**Exercise directions**
Exact copy required. Repeat the records, but keep the pictures out.

^^^^^^^^^^^^^^^^

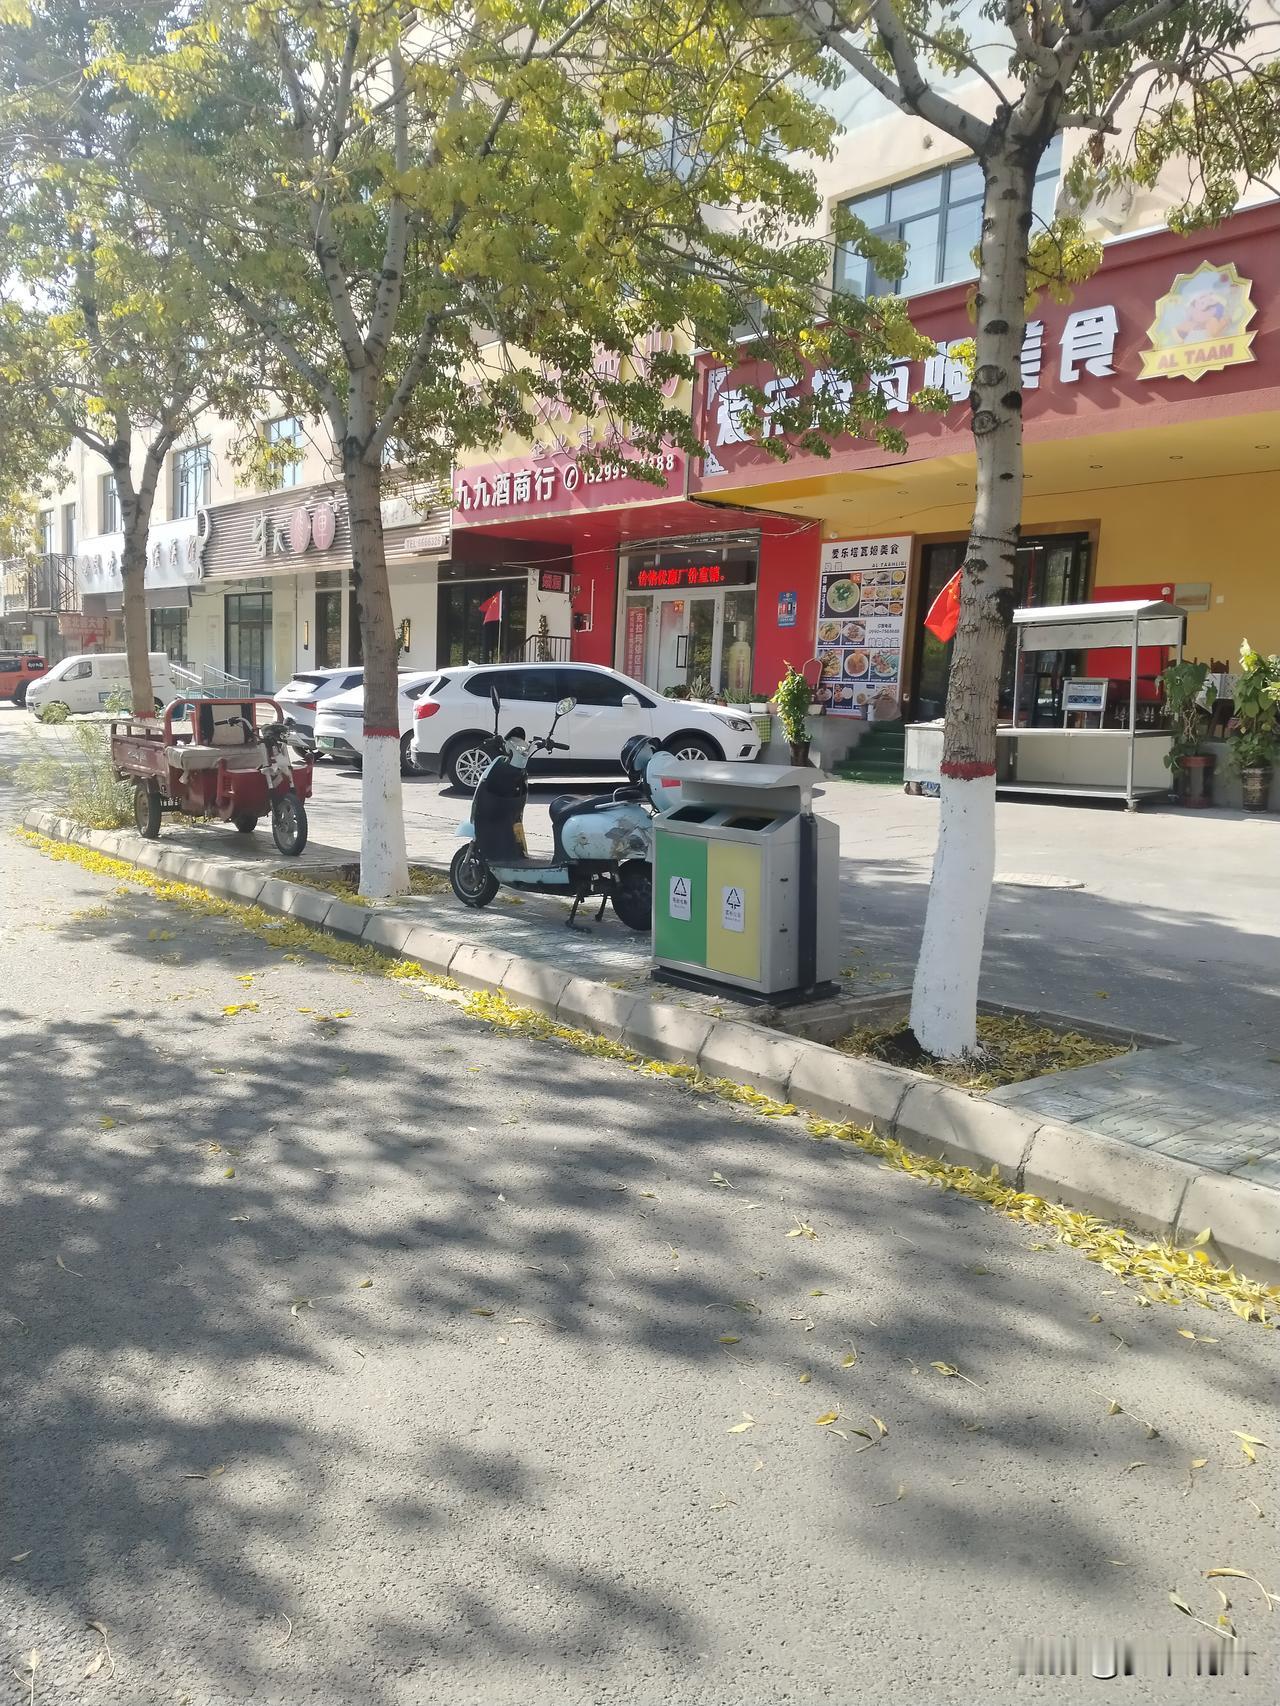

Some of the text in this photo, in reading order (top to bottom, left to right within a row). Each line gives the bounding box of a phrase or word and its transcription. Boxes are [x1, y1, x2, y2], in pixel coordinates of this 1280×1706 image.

[1158, 342, 1234, 371] AL TAAM
[455, 465, 556, 511] 九九酒商行
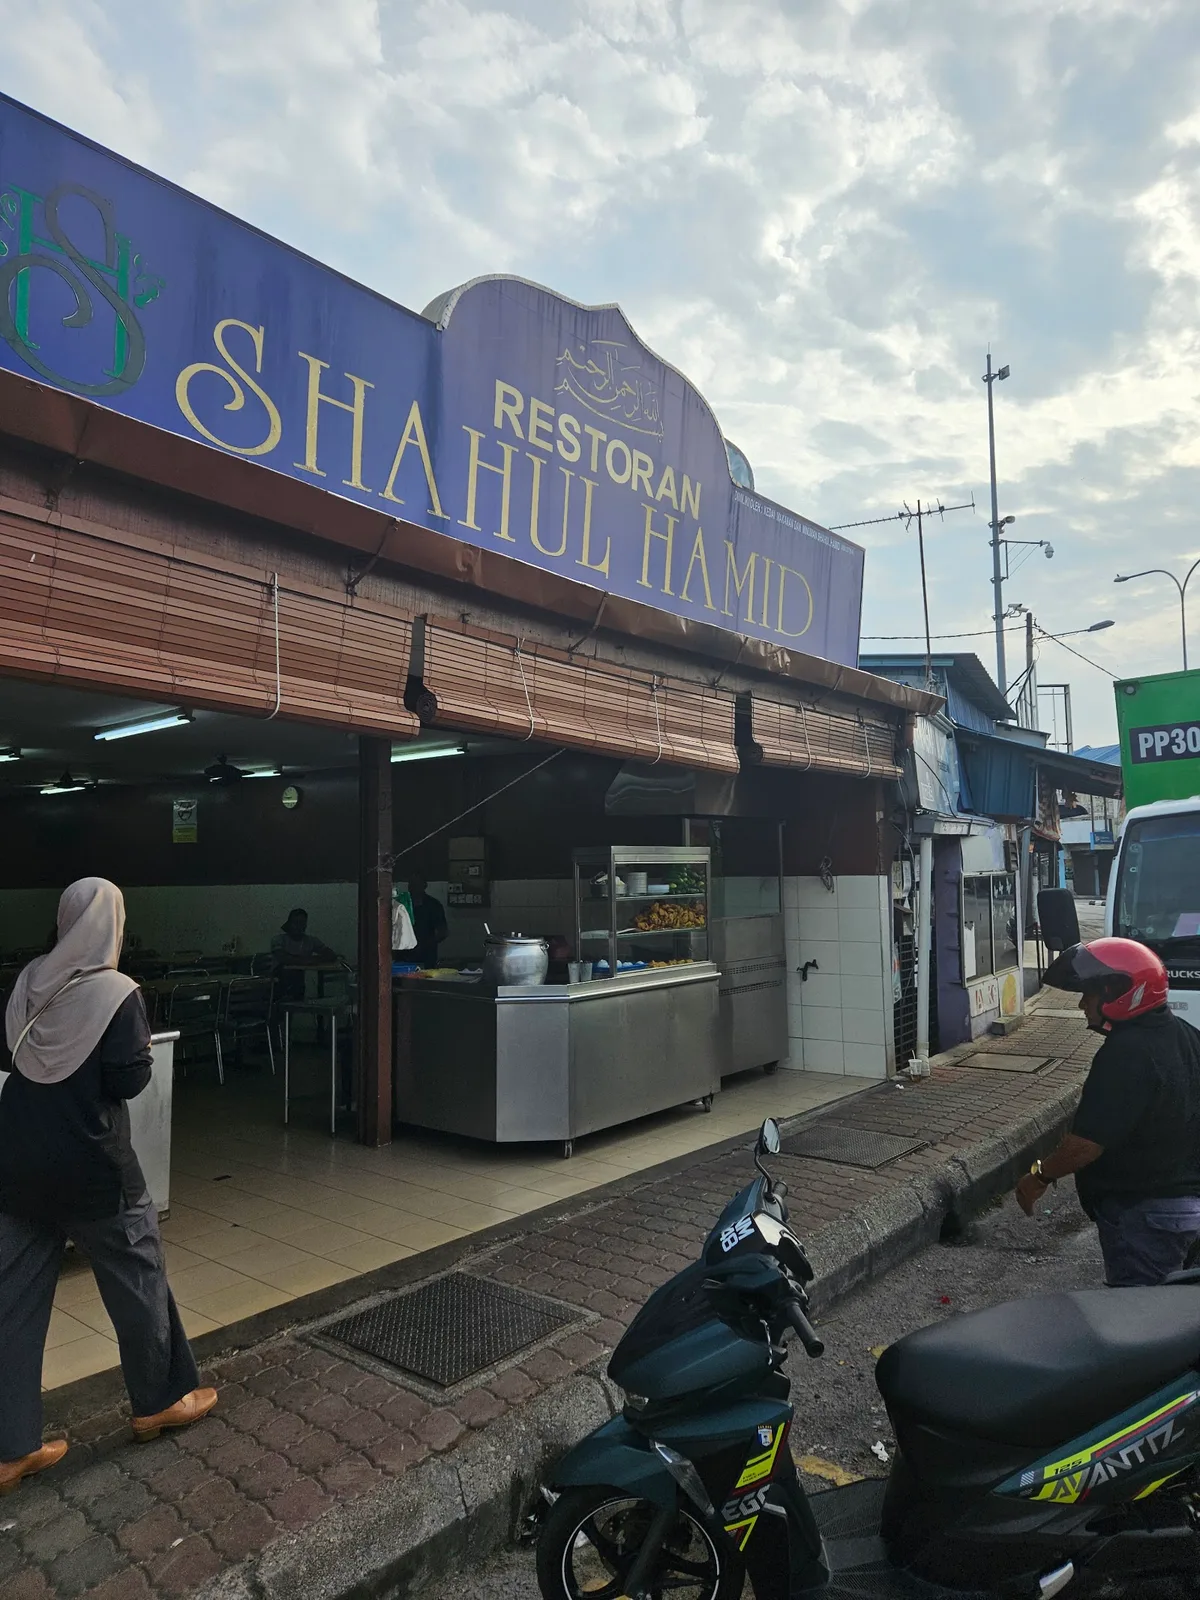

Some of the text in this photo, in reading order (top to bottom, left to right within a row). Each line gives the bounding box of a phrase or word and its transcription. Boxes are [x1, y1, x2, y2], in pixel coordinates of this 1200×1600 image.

[175, 318, 814, 638] SHAHUL HAMID
[493, 378, 702, 520] RESTORAN
[1054, 1458, 1083, 1475] 125
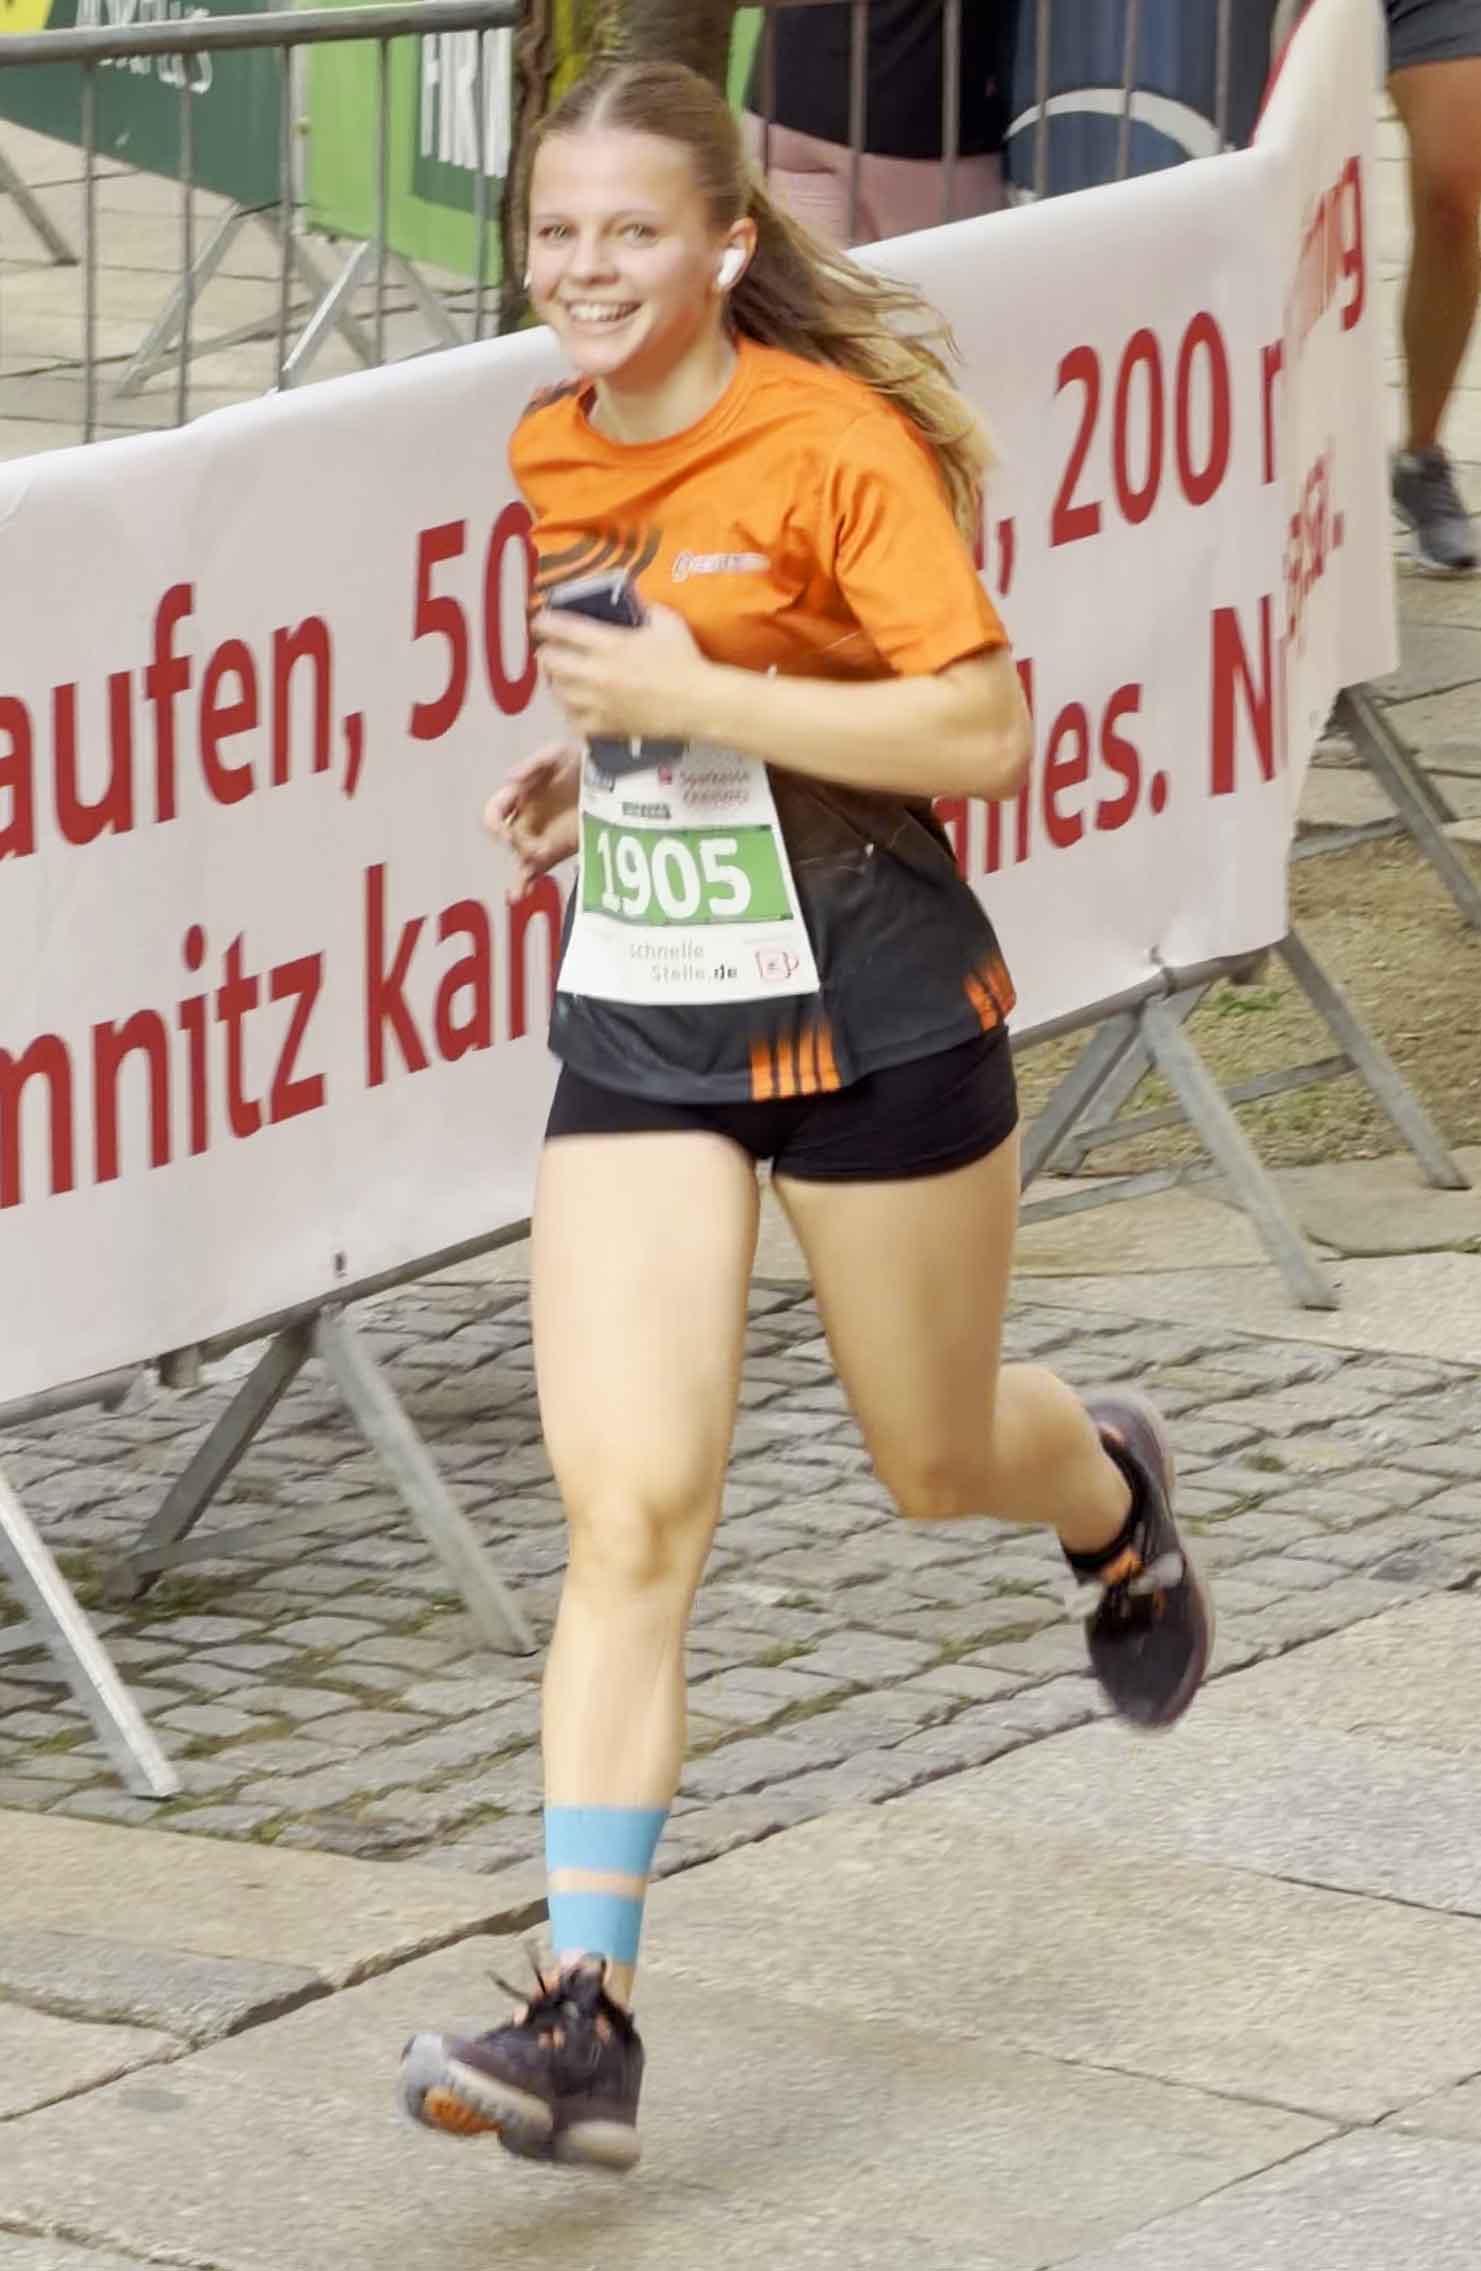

^^^^^^^^^^^^^^^^

**Response to this exercise**
Some of the text in this photo, in reading order (top to bottom, left to right within a row). Each line gives the bounding box of a phrase or word and its transcription. Boxes are [x1, y1, x2, y2], in pixel coordinates of this 1280×1706 image.

[1158, 342, 1234, 371] AL TAAM
[455, 465, 556, 511] 九九酒商行

Some of the text in this photo, in reading order (top to bottom, left to right within a row). Each line gives the bounding box of a phrase or word and its transcription. Boxes are [x1, y1, x2, y2], in pixel coordinates of this 1200×1600 image.

[175, 318, 814, 638] SHAHUL HAMID
[493, 378, 702, 520] RESTORAN
[1054, 1458, 1083, 1475] 125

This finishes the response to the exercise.